MATERIAL PROVIDED —
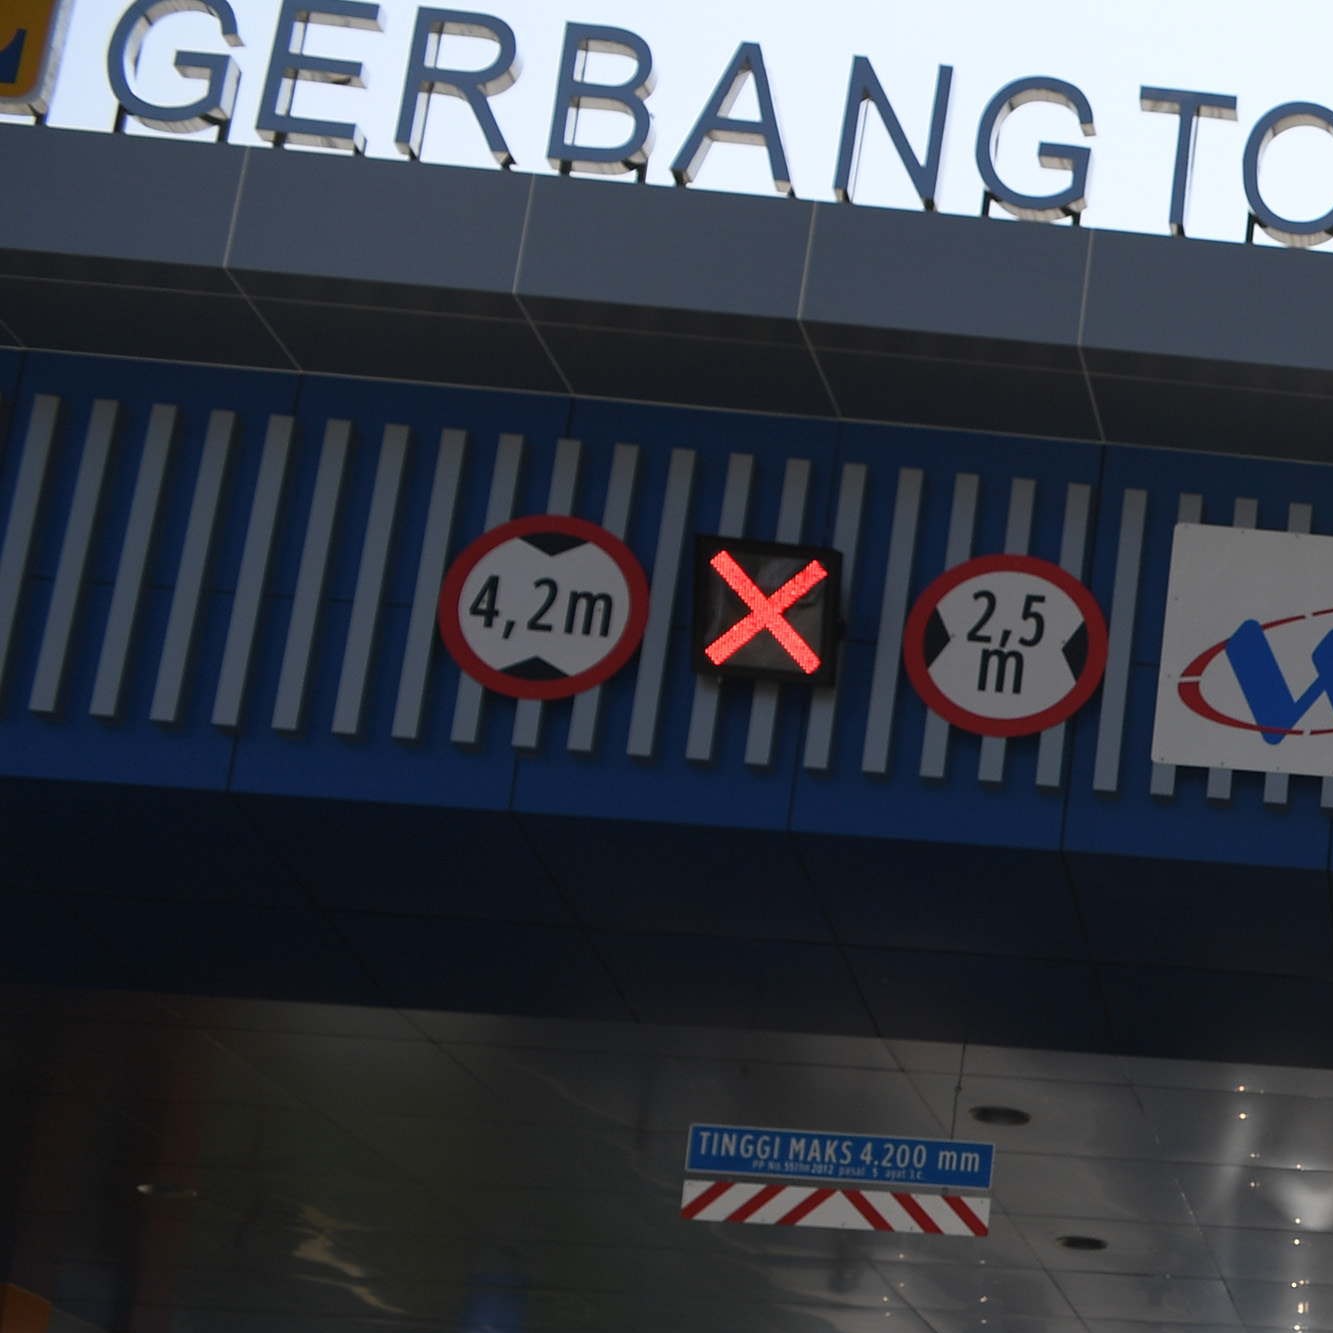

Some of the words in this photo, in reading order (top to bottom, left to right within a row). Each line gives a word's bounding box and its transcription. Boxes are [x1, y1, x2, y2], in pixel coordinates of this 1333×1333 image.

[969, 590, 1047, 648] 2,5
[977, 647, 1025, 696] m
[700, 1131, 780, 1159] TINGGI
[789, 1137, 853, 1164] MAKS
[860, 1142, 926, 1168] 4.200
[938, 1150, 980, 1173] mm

PROMPT — With pictures excluded, the data must be transcribed in full and to the letter.

REPLY TO THE TASK —
Some of the words in this photo, in reading order (top to bottom, left to right within a row). Each line gives a word's bounding box and its transcription. Boxes are [x1, y1, x2, y2], in pixel coordinates of this 1333×1333 image.

[969, 590, 1047, 648] 2,5
[977, 647, 1025, 696] m
[700, 1131, 780, 1159] TINGGI
[789, 1137, 853, 1164] MAKS
[860, 1142, 926, 1168] 4.200
[938, 1150, 980, 1173] mm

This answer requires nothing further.